Hot & Dry; More of the Same Not Good for Corn Yield

R.L. (Bob) Nielsen
Agronomy Dept., Purdue Univ.
West Lafayette, IN 47907-2054
Email address: rnielsen at purdue.edu

Hot and dry; more of the same; second article in a week; worried growers; nervous markets; 8- to 14-day outlook not promising........

The talk uptown at Stu's Bar and Grill over the Memorial Day weekend revolved around the continued spell of hot and dry weather throughout most of Indiana and the possible effects on the yield of this year's corn crop. Some of the promise of the early-planted crop is withering away much like the corn crop in some fields that is already showing symptoms of wilting and leaf rolling. One of the regulars recalls hearing that some Extension corn guy at the university reminded folks a month ago that planting date is but one of a gazillion yield-influencing factors for corn and that a record early planting of the state's corn crop does not guarantee record high yields.

The bad news is that the crop is beginning to noticeably suffer in areas of the state. Plant mortality has reduced populations in some fields. Initial development of the nodal root system has been restricted in some fields. Leaf rolling (plant wilting) is occurring in some fields in corn that has barely entered the rapid growth phase. Many fields have yet to develop the healthy dark green associated with a crop that has entered the rapid growth phase, probably because their root systems are functioning poorly in response to the excessively dry soil conditions. The appearance and color of plants throughout many fields are extremely variable and painful for growers to look at.

So, what can be said about the effects of the continuing combination of excessively warm temperatures and dry conditions to date on the prospects for corn yield this fall? Well, we can describe the effects but it is difficult to predict the exact results on grain yield.

Grain yield in corn is the multiplicative result of plant population, kernel number per plant, and weight per kernel. The effects of stress on grain yield are determined by how the stress directly or indirectly affects these components of grain yield.

Effective plant population (plants with ears at harvest) is largely determined during the first 30 to 45 days after planting. Stand establishment this season in Indiana has been challenging for some due to cold injury, frost injury, fertilizer injury, soil crusting, seedling blights, and excessively dry surface soils. Stand loss due to excessively dry soils in early-planted fields is still possible if drought conditions worsen. Stand loss due to excessively dry soils is more likely for later planted fields whose younger plants may succumb to drought stress before their nodal root systems develop well enough to tap into deeper soil moisture.
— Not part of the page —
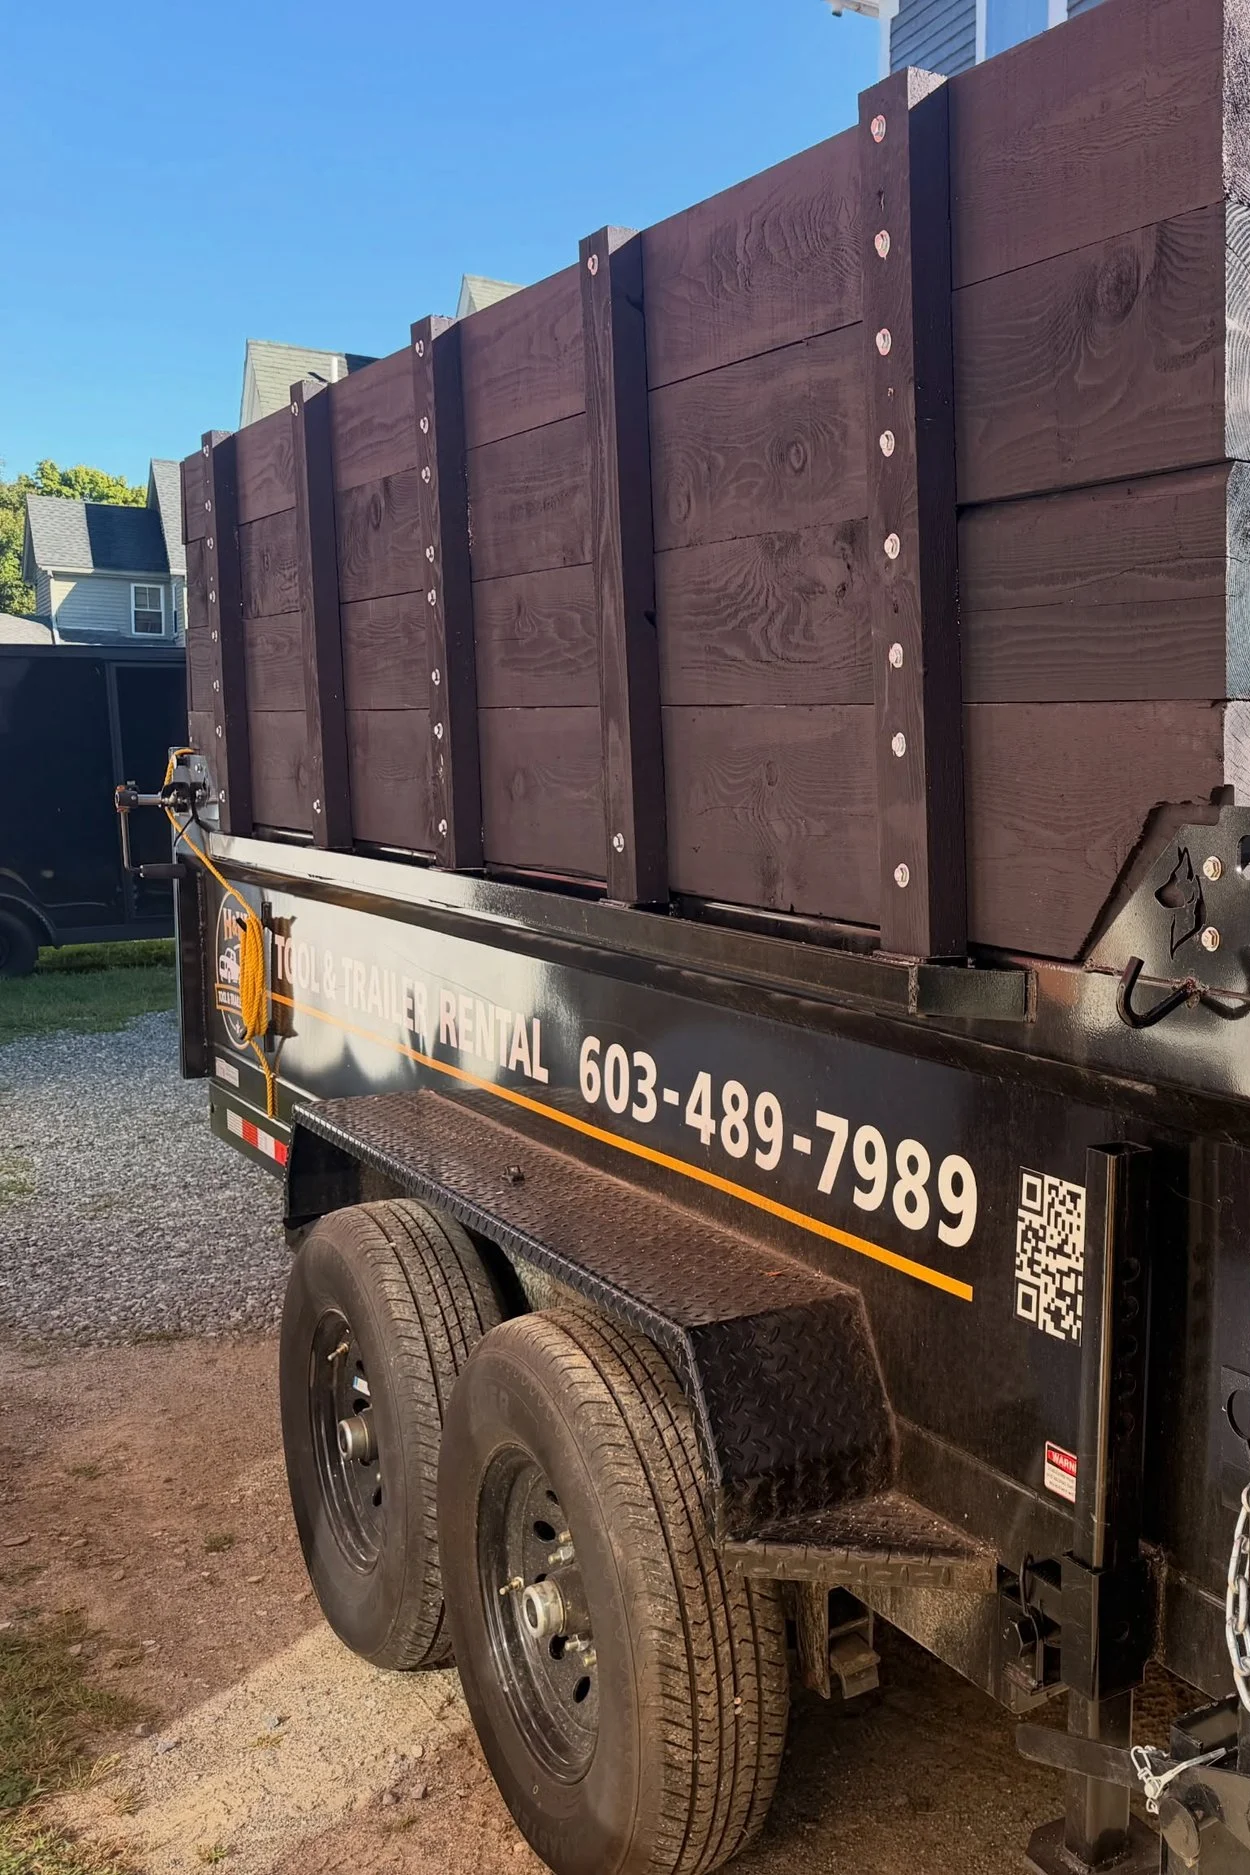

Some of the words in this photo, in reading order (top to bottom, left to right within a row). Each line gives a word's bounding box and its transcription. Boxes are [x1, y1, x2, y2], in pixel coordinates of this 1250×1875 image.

Indeed, reports of "rootless" or "floppy" corn have been coming in from a number of areas in the Midwest.

Much of the state's crop has reached the V5 leaf stage of development (5 visible leaf collars) or has progressed beyond this stage. The uppermost, harvestable ear is initiated by an axillary meristem of the corn plant at about V5. The potential number of kernel rows on that ear is determined by roughly leaf stage V7 (six to eight days after V5). Potential kernel row number is strongly determined by a hybrid's genetic background and is fairly resilient to the effects of stress. However, severe stress that occurs within the small window of time from V5 to V7 can indeed restrict kernel row number determination and is certainly a risk this year for crops under severe drought stress during those leaf stages.

Number of potential kernels per row on an ear is less of a genetic characteristic and much more influenced by growing conditions. This component of ear size determination is not complete until the V12 to V15 stages of leaf development and, thus, is vulnerable to potential stress over a longer period of time than is kernel row number determination. Consequently, severe and/or prolonged stress of any kind during this time period can restrict the potential length of the ears (i.e., fewer potential kernels per row).
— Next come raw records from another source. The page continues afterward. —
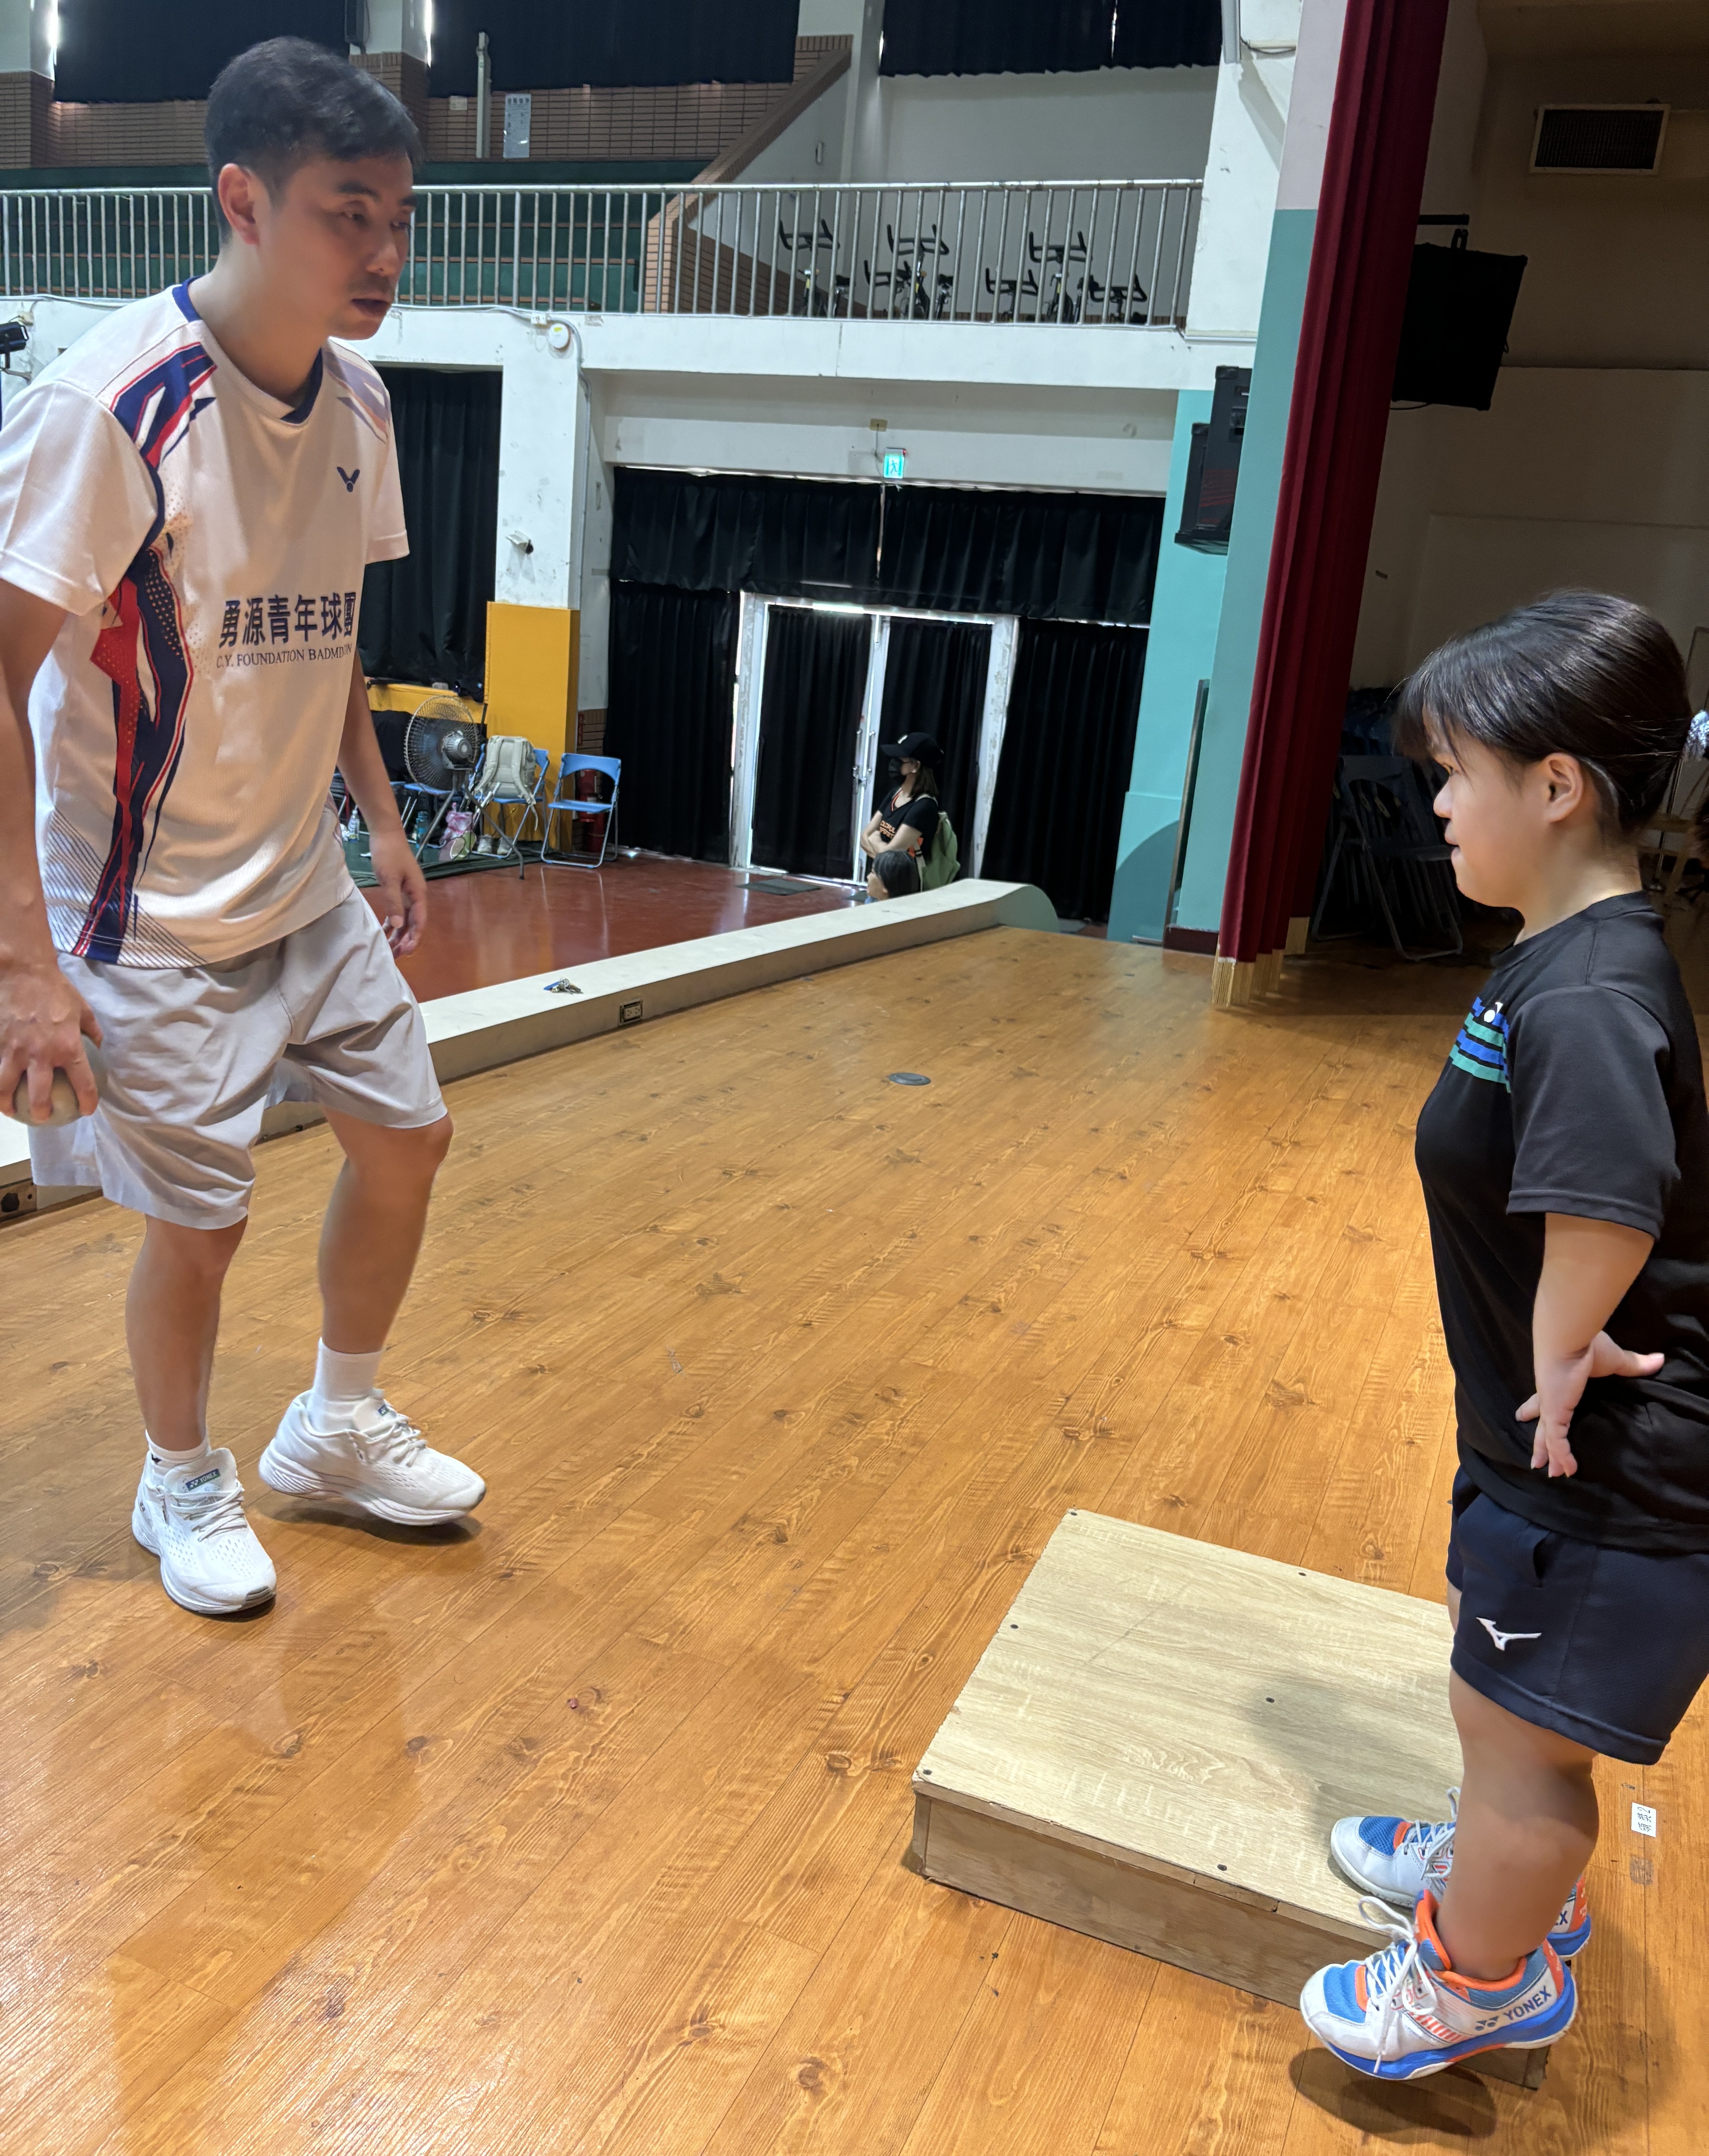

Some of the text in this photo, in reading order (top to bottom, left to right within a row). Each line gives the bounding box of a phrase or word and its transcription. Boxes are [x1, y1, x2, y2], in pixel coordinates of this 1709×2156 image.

[219, 592, 356, 649] 勇源青年球團
[217, 654, 233, 669] C.Y.
[237, 649, 304, 667] FOUNDATION
[199, 1471, 217, 1483] YONEX
[1503, 1985, 1552, 2021] YONEX
While not actually a yield component, potential plant size is also largely determined during the vegetative period of growth prior to pollination. Severe stress of any kind during the rapid growth phase can result in shorter, smaller plants for the remainder of the season. Severely stressed plants also cannibalize lower leaves in an effort to remobilize nutrients to maintain the health of the upper canopy. The resulting smaller, less productive photosynthetic "factory" will be less capable of producing the photosynthate required during the important grain filling period after pollination and, thus, kernel weight may suffer even if conditions improve late in the season.

That just about sums up the short-term fearmongering for the 2012 Indiana corn crop. The good news is that the season is yet young and the return of moderate growing conditions could still turn around this crop. But time's awasting. The sooner the dry spell breaks, the sooner additional loss in yield potential can be avoided.
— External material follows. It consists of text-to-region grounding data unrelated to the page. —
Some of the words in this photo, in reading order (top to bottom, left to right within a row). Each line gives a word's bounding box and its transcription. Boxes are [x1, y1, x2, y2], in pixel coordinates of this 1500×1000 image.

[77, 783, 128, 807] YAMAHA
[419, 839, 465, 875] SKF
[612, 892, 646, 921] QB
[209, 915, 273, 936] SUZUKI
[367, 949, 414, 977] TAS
Pray for rain or turn on the irrigation.

Related reading.

Crop Management Information for Drought-Damaged Field Crops. Purdue Univ. http://www.kingcorn.org/cafe/drought [URL accessed May 2012].

Nafziger, Emerson. 2012. Root Problems in Corn Plants.The Bulletin, Univ. of Illinois. http://bulletin.ipm.illinois.edu/article.php?id=1650 [URL accessed May 2012].

National Drought Mitigation Center. 2012. U.S. Drought Monitor. http://droughtmonitor.unl.edu/ [URL accessed May 2012].

Nielsen, RL (Bob). 2007. Ear Size Determination in Corn. Corny News Network, Purdue Univ. http://www.kingcorn.org/news/timeless/EarSize.html [URL accessed May 2012].

Nielsen, RL (Bob). 2010a. Root Development in Young Corn. Corny News Network, Purdue Univ. http://www.kingcorn.org/news/timeless/Roots.html [URL accessed May 2012].

Nielsen, RL (Bob). 2010b. "Rootless" or "Floppy" Corn Syndrome. Corny News Network, Purdue Univ. http://www.kingcorn.org/news/timeless/FloppyCorn.html [URL accessed May 2012].

Nielsen, RL (Bob). 2012. Hot & Dry: Toll on Young Corn? Corny News Network, Purdue Univ. http://www.kingcorn.org/news/articles.12/HotDryYoungCorn-0522.html [URL accessed May 2012].

Wiebold, Bill. 2012. Early Corn Root Development. Integrated Pest & Crop Management Newsletter, Univ. of Missouri. http://ipm.missouri.edu/IPCM/2012/5/Early-Corn-Root-Development/ [URL accessed May 2012].

Wiebold, Bill. 2012. Rootless Corn. Integrated Pest & Crop Management Newsletter, Univ. of Missouri. http://ipm.missouri.edu/IPCM/2012/5/Rootless-Corn/ [URL accessed May 2012].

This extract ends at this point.